Où sont les femmes?

Je cède aux affres de la polémique en lisant Houria Bouteldja. La porte-parole du Parti des Indigènes de la République était, à mes yeux, plus connus pour émouvoir les spectateurs de l’émission « ce soir ou jamais » à coup de phrase-choc, que pour un discours antiraciste construit. Lorsqu’elle sort un livre à La Fabrique, je me dis ça y est on va voir ce qu’elle a dans le ventre. Qu’a-t-elle à dire ?

 bjn

Découpé en chapitre destiné à des parties de la population : blanc, juif, femme indigène et indigène, ce pamphlet est porteur d’une parole passionné et poétique. L’esthétique de la prose l’emporte sur le développement du discours. Nous sommes là pour parler avec Houria, pour s’entendre.

Dans une certaine mesure, son discours est évidemment audible et presque banal à mon sens. Lorsqu’elle parle des blancs et annonce qu’il nous faudra renoncer à nos privilèges pour concevoir concrètement l’égalité. Certes.
Lorsqu’elle s’adresse aux juifs et annonce qu’il va falloir arrêter d’agiter l’épouvantail nazi et se confronter à la société destructrice qu’Israël construit chaque jour. Certes.
Lorsque l’on arrive aux indigènes, femme ou non, je dévie.

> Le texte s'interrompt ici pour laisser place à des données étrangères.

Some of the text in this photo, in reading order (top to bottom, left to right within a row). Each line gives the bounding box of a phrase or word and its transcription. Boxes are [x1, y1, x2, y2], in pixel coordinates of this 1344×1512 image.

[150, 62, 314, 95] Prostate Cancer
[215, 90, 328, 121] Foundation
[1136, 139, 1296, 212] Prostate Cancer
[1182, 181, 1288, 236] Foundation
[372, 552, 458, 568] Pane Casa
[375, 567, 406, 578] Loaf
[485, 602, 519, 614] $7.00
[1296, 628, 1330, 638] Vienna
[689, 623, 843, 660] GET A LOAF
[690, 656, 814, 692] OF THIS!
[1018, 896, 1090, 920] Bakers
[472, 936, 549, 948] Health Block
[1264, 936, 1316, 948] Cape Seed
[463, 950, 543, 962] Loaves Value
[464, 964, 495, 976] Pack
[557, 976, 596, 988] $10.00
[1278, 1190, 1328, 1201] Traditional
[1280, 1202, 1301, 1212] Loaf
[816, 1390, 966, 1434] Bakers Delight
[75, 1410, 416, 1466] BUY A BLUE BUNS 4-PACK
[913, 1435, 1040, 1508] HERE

Ces notions de blancs, juifs et indigènes sont des construites sociales. Houria Bouteldja nous prévient en début de l’ouvrage. Je la crois. Le souci n’est pas dans l’essentialisation, il est dans la construction. Il semblerait que l’auteure souhaite que ces groupes se construisent et s’opposent : d’un côté, le bloc blanc occidental, de l’autre les indigènes orientaux. Pour cela, il faudrait que le second bloc ait quelque chose à opposer. Il faudrait que le capitalisme ne l’ait pas pollué, qu’il ait pu ou su se protéger. Un postulat dont je doute fortement.

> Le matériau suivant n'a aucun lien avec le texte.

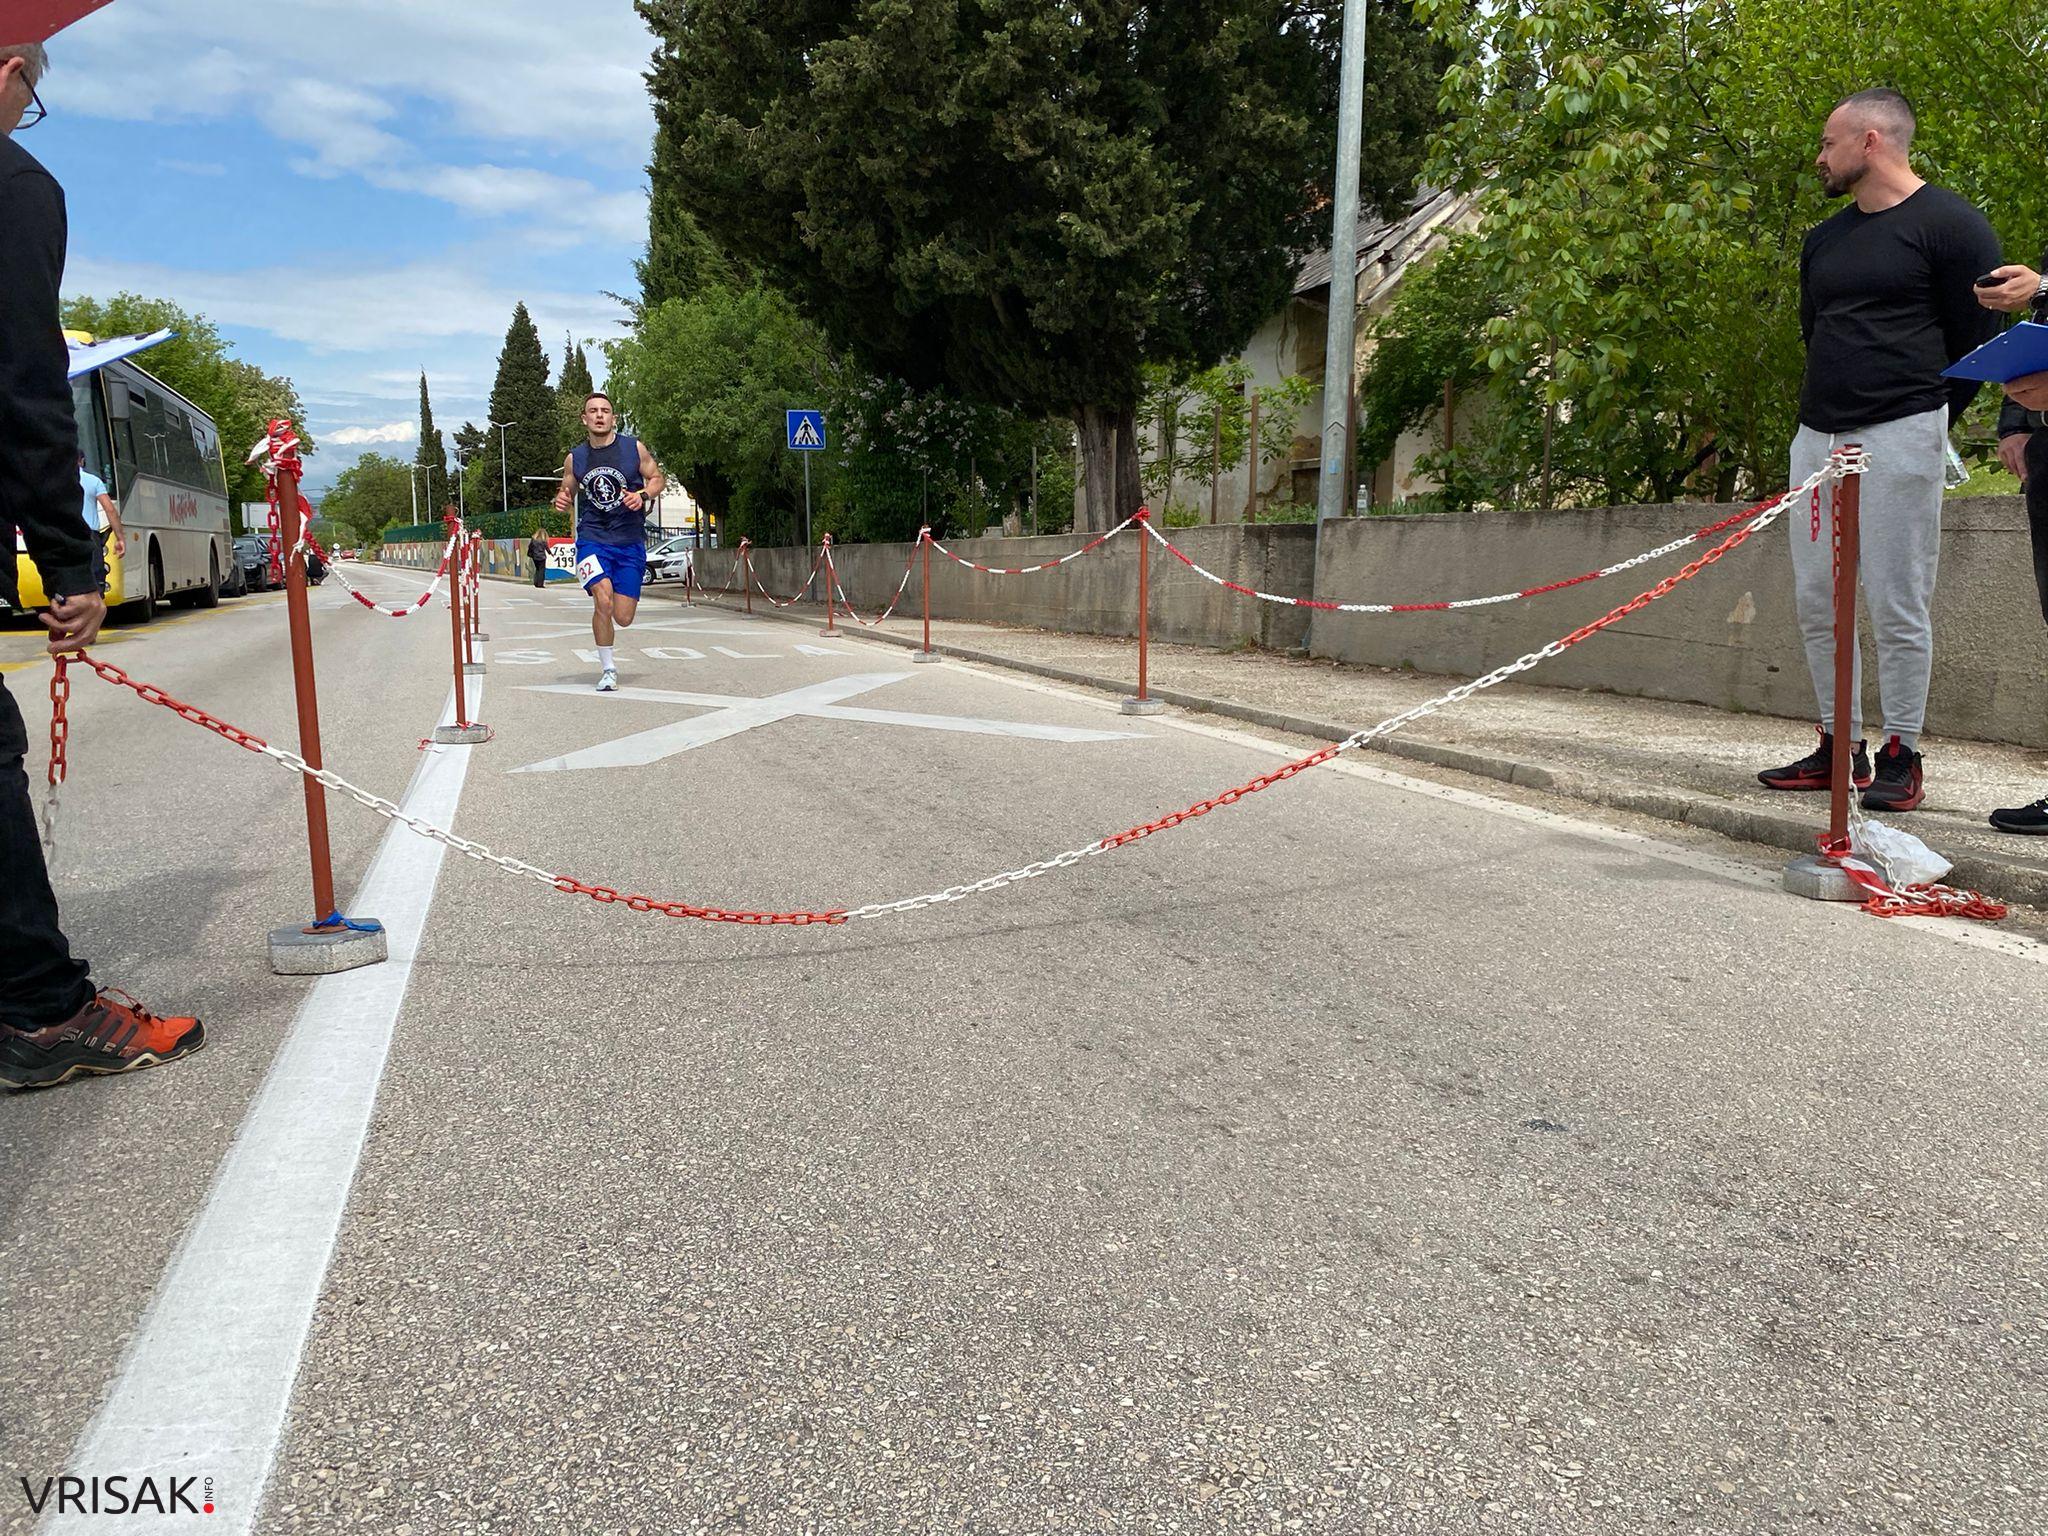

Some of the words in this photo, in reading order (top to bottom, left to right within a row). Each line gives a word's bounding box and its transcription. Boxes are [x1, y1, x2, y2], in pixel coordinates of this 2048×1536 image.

[553, 546, 576, 557] 75-9
[554, 556, 574, 568] 199
[579, 562, 595, 580] 32

Le deuxième souci est plus grave, il concerne la vision de la lutte des femmes. Houria Boutelda la relègue au second plan, faisant priorité à un combat communautaire, de race. Il est vrai que la femme blanche n’avait qu’un opposant : l’homme blanc. La femme indigène s’oppose à la fois aux hommes indigènes, mais aussi blancs. Il y a au moins trois personnages dans son conflit, mais Bouteldja n’aime pas les triangles, figure complexe. Elle choisit de s’aligner sur sa communauté face au blanc, sans doute pour maintenir la pureté de l’opposition des deux blocs. Elle explique son choix par une analyse de la domination masculine chez les indigènes comme le résultat de l’oppression des blancs sur les hommes indigènes. D’un côté, les indigènes auraient su conserver des pans de cultures, de l’autre sa vision intime des rapports avec leurs femmes aurait été contaminée par les blancs. On sent le bloc se fissurer.

L’argument ne tient pas. Il n’est pas souhaitable non plus. Les blancs, les juifs et nous dessine un affrontement binaire entre catégories raciales et/ou communautaires, mais pas genré car il ne peut y avoir que deux camps sur le champ de bataille.

Bref, un appauvrissement global de la pensée et de l’horizon.